Fotografien und Gemälde
Vergleicht man die Ölbilder Dietrichs mit seinen fotografischen Aufnahmen, so fällt als erstes auf, dass die Inhalte in beiden Medien weitgehend übereinstimmen. Der Maler fotografierte mit seiner Kamera dieselben Ausschnitte aus seiner Umgebung, die er auch zeichnete und malerisch umsetzte. Die Umgebung des Dorfes, der See, Ereignisse aus dem Dorfleben und das Nachbarsgärtchen sind ebenso häufig im fotografischen Nachlass zu finden wie im Oeuvrekatalog seiner Bilder. Bei genauerem Hinsehen stellt sich aber heraus, dass der Fokus gegenüber den Bildern jeweils leicht verschoben ist, wie der Vergleich zwischen den verschiedenen Themenbereichen in beiden Medien zeigt.
Porträtdarstellungen
Dietrich fotografierte seine Nachbarn, Kinder und Freunde gerne und oft. Dieses Interesse für die Menschen in seinem Umfeld ist sich auch in seinen Gemälden erkennbar, befinden sich doch bereits unter seinen ersten Ölbildern auffällig viele Porträts, etwa die Bildnisse seiner Eltern (1905) und weiterer Familienmitglieder. Einige dieser Bilder sind ab fotografischen Vorlagen - meist im Fotostudio hergestellte Porträts - gemalt worden. Ein Beispiel hierfür ist das Gemälde „Bildnis eines jungen Mannes“ (1920), bei dem es sich um den Neffen des Künstlers handelt. Für den noch unerfahrenen Maler mag die Umsetzung ab Fotografie einfacher gewesen sein als eine direkte Umsetzung vor dem Modell. Unter den frühen Gemälden befinden sich aber auch einige Auftragswerke, etwa die Bildnisse von Friedrich Neeser und seiner Verlobten (1908) oder das Porträt einer Verstorbenen (1917). Der folgende Brief zeigt, dass Dietrich sich bereits zu Beginn seiner Tätigkeit als Maler gewohnt war, Gemälde nach fotografischen Vorlagen zu erstellen.
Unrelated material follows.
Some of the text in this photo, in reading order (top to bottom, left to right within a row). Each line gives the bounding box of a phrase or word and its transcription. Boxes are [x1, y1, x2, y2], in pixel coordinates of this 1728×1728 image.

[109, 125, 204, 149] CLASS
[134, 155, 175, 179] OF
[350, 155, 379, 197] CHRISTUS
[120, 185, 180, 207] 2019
1910 schreibt er an einen Kunden:
„Berlingen, 10. Mai 10. Herrn A. Lorenz! Teile Ihnen mit, dass ich die Malerei aufgebe u. habe daher auch Ihre bestellten Bilder nach beigelegten Photographiekarten fertig gemacht und Ihnen der Einfachheit halber p. Nachnahme zugesandt. Da der Preis der niedrigste ist, der für Bilder gestellt wird, hoffe ich auf prompte Einlösung desselben da ich Zurücknahme nicht machen könnte. Sie sind genau nach den Photographien ausgeführt & kann ich auf blosse Angaben nicht eingehen, in diesem Falle hätte ich andere Vorlagen haben müssen. Verbleibe in vorzüglicher Hochachtung: A. Dietrich"
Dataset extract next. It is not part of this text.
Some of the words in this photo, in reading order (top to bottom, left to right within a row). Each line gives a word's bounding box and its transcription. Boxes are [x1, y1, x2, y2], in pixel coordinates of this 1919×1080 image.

Später aber, in der Zeit, als Dietrich selbst fotografierte, benutzte er keine fotografischen Vorlagen mehr für seine Gemälde. Zwischen den zahlreichen Aufnahmen von Personen und den gemalten Porträts bestehen denn auch keine direkten Zusammenhänge. Dies, obschon Dietrich die Personen aus seinem Umfeld häufig fotografierte, nicht nur in Form von Schnappschüssen, sondern auch als eigentliche Porträts und posierend vor einem ausgewählten Hintergrund. Die Beschäftigung mit dem Thema scheint in beiden Medien parallel zu verlaufen, aber mit wenigen Überschneidungen. Dies lässt vermuten, dass Dietrich es zu dieser Zeit bevorzugte, Porträts von lebenden Personen ab Modell herzustellen.
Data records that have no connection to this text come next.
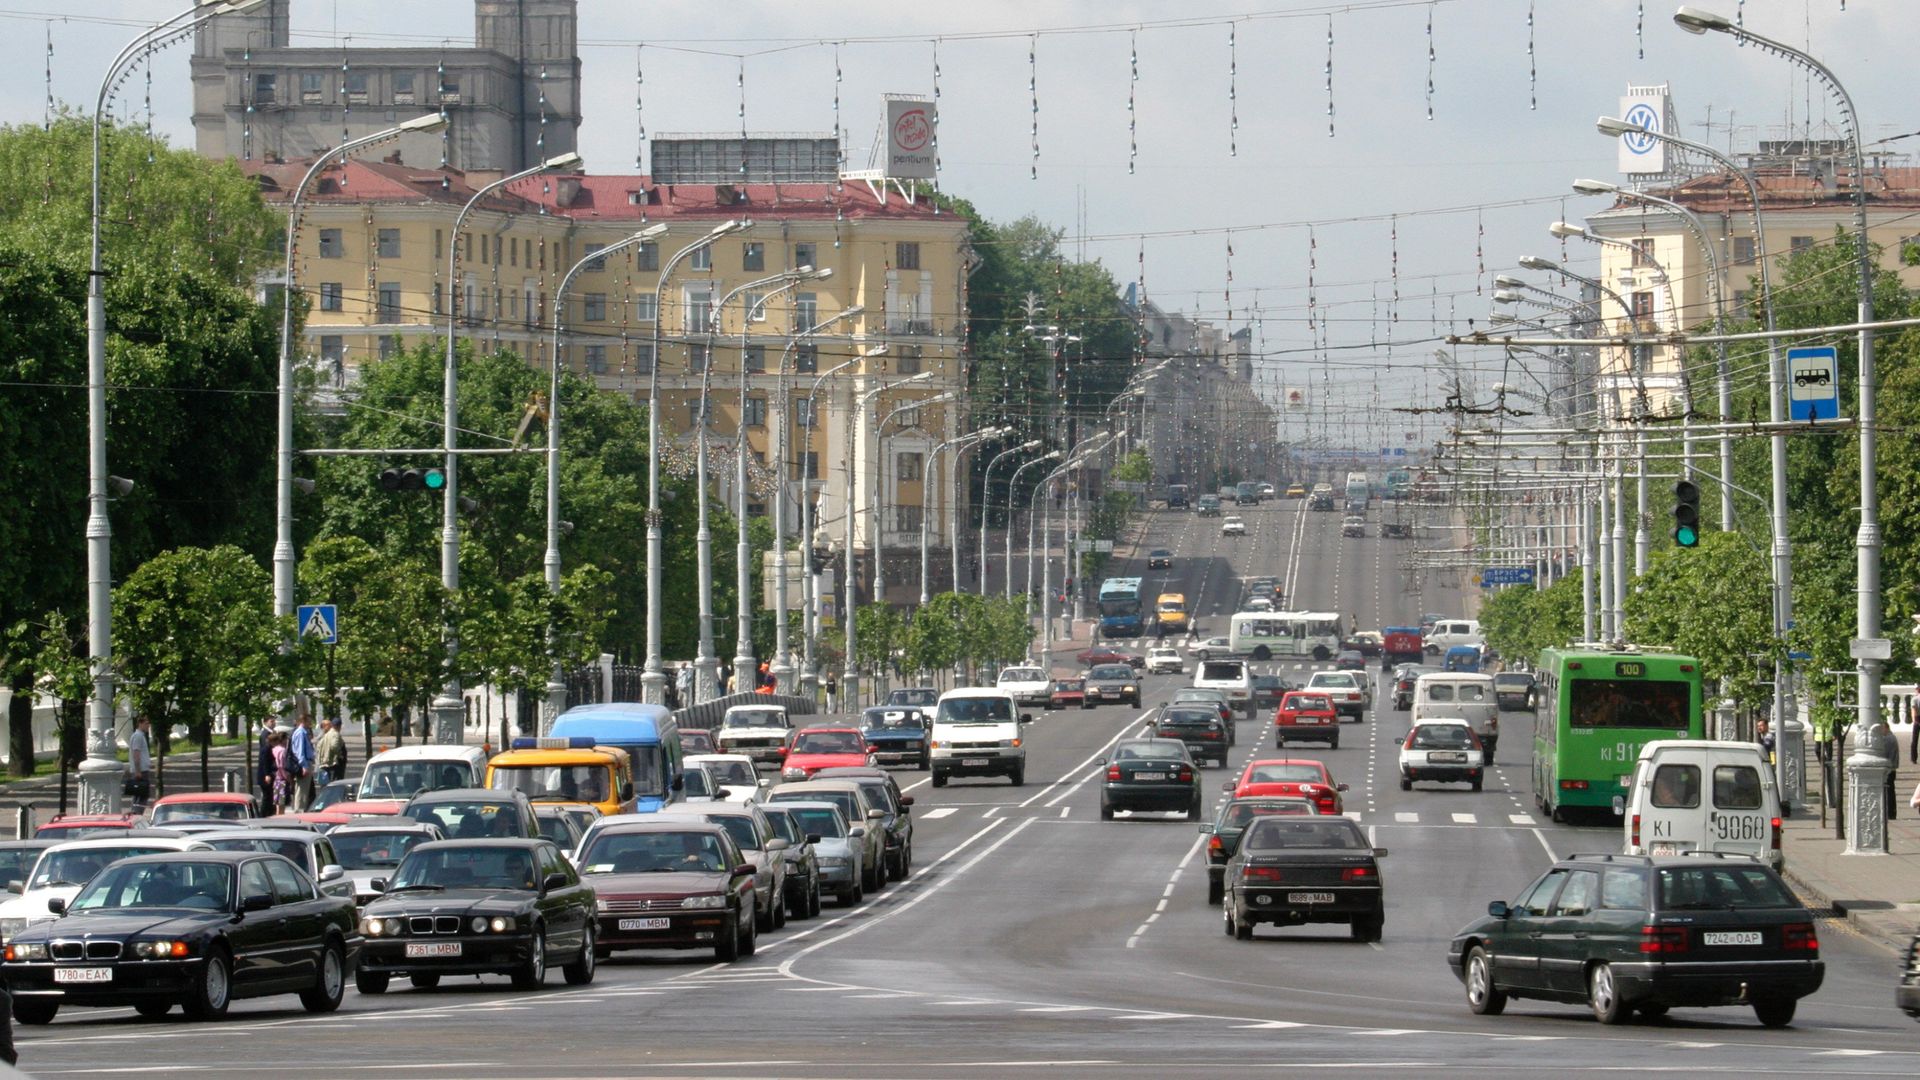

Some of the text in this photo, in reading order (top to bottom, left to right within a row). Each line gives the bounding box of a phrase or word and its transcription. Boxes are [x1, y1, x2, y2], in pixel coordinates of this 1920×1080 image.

[893, 154, 930, 165] pentium
[1621, 664, 1640, 675] 100
[620, 918, 669, 929] 0770 MBM
[1706, 934, 1729, 944] 7242
[436, 943, 460, 954] MBM
[57, 969, 109, 980] 1780 EAK
Einige Briefe aus dem Nachlass bestätigen dieses Vorgehen: Der Basler Wolfgang Lüthi liess bei Dietrich seine Eltern und seine Ehefrau porträtieren. 1947 sitzt Lüthi schliesslich selbst Modell: „Ich komme am nächsten Mittwoch den 17. Dez. morgens etwa um 10 Uhr wieder bei Ihnen vorbei und dann könnten wir wieder weiter an meinem Bild malen.“ Fast ein Jahr später liest man: „Wie steht es mit meinem Bild? Ist der Hintergrund mit den Büchern schon fertig? Wollen Sie mir doch bald Bescheid geben, ob ich nach Berlingen kommen kann, um noch einmal für das Porträt zu sitzen.“ Auch die Kleidung malt Dietrich ab Original. Im Dezember 1948 schreibt die Ehefrau des Porträtierten: „Ich möchte Sie bitten, den Kittel von meinem Mann, so bald Sie ihn nicht mehr brauchen, zu senden!“
Das Vorgehen Dietrichs war aber ganz pragmatisch - ganz im Sinne eines Handwerkers in seiner Werkstatt. So erstaunt es nicht, dass Dietrich als Hintergrund Fotografien von Lüthys Arbeitszimmer verwendete, die der Porträtierte ihm zugeschickt hatte. Der Vergleich des Bildes mit der im Nachlass erhalten gebliebenen Fotografie zeigt jedoch, dass Dietrich einige Veränderungen angebracht hat: Anstelle einer Figur von Ernst Ludwig Kirchner platzierte er im Büchergestell ein Dietrich’sches Stillleben.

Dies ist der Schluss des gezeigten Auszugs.